Hands-on benchmark of 14 speech-to-text models on 20 live voice memos (10 RU + 10 EN), recorded on iPhone Voice Memos and run on a Mac mini M4 Pro. Comparing local (mlx-whisper, GigaAM, Parakeet, Moonshine, Sense Voice, T-one) against cloud (Groq Whisper Turbo, ElevenLabs Scribe v1, ElevenLabs Scribe v1 experimental, Fish Audio transcribe-1).
Companion to the LinkedIn carousel and blog post — link added once published.
ElevenLabs Scribe v1 experimental is the strongest model in both languages. 11.5% WER on RU and 11.5% WER on EN (clean subset). Same provider's scribe_v1 (the older default) gives 23.1% on RU — two-times worse — so the API parameter alone makes the biggest difference. Architecture (AR vs NAR), specialization, runtime, and cloud-vs-local all matter less than the model version.
See results/summary.csv for full ranking; results/consolidated.json for raw transcripts.
bench/
stt_landscape_bench.py # main bench runner (12 models, multiple runners)
wer_eval.py # WER/CER calculator
consolidate_results.py # merge multiple bench runs into one summary
plot_ar_vs_nar.py # generates the AR vs NAR explainer diagram
plot_stt_landscape.py # latency × WER scatter plot from CSV
samples/
recording-script.md # what to record — 20 scenarios with full text
manifest.template.json # reference text for 20 samples, paths to fill in
manifest.example.json # example manifest with edge-tts smoke-test samples
manifest_synthetic.json # committed TTS-generated RU + EN synthetic set
manifest_silero_*.json # committed independent RU synthetic control sets
results/
consolidated.json # all runs deduplicated, with transcripts
summary.csv # medians by (model, language)
synthetic_consolidated.json # latest curated synthetic benchmark snapshot
synthetic_summary.csv # latest curated synthetic summary
plots/
ar_vs_nar.png # generated illustration of AR vs NAR concept
Live audio files are not included — they're personal voice recordings. TTS-generated synthetic audio is committed separately under samples/synthetic/ because it contains no personal voice data.
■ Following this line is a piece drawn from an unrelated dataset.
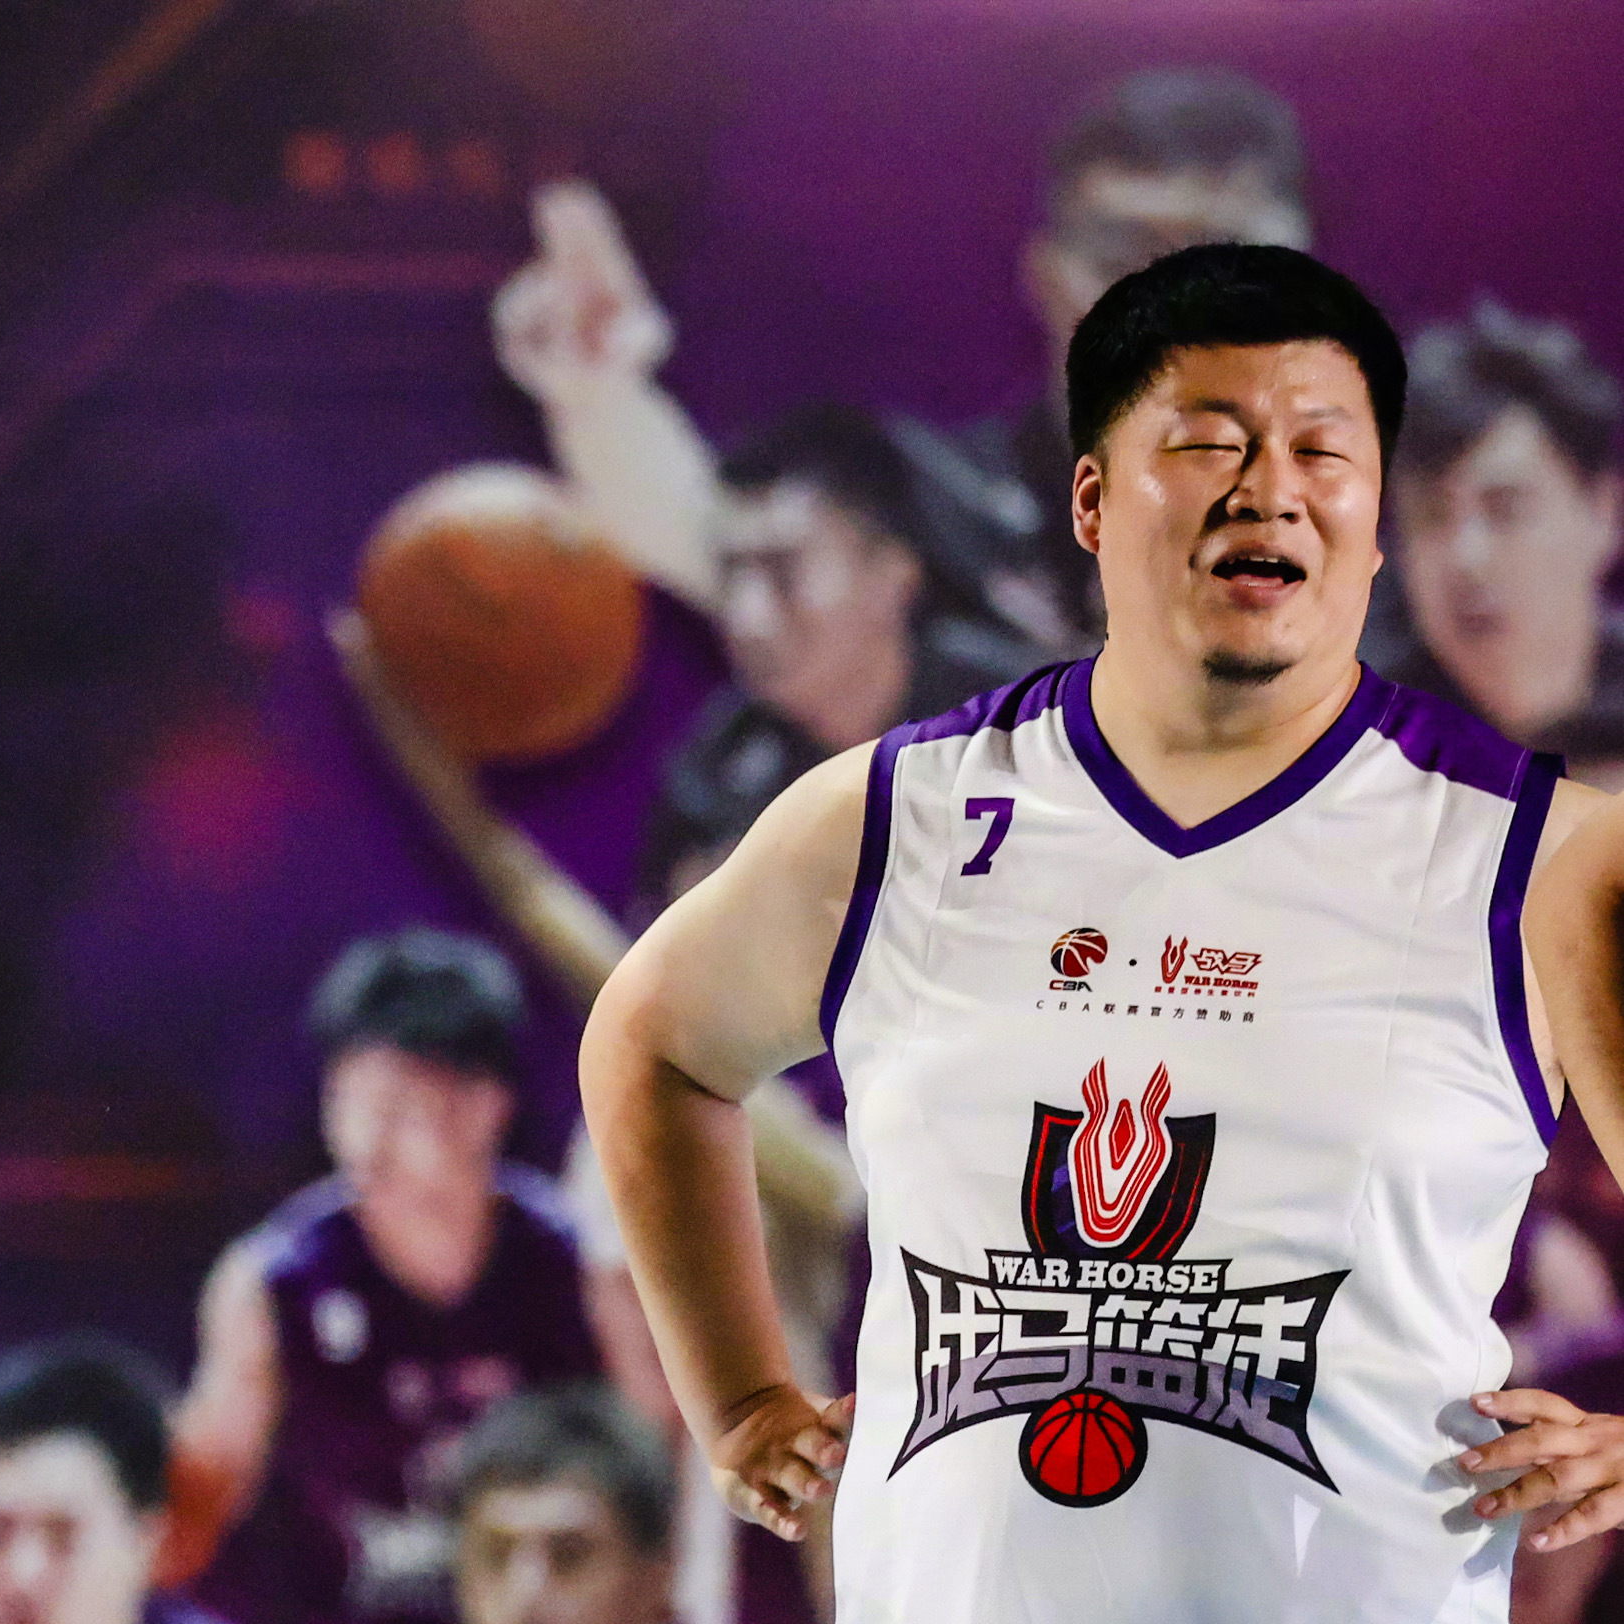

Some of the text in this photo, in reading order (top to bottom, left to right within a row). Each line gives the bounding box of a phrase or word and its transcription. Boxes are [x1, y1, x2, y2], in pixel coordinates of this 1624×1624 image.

[960, 797, 1015, 876] 7
[1049, 978, 1093, 992] CBA
[1184, 975, 1259, 990] WAR HORSE
[991, 1256, 1223, 1294] WAR HORSE
To reproduce the primary benchmark on your own voice, see "Reproducing the bench" below.
WER clean excludes *-04-digits and *-07-names — those two samples push WER to 70-95% across all models because Whisper normalizes "twenty" → "20" and doesn't know identifiers like smolevich_voice_bot. The artifact is real but masks model differences.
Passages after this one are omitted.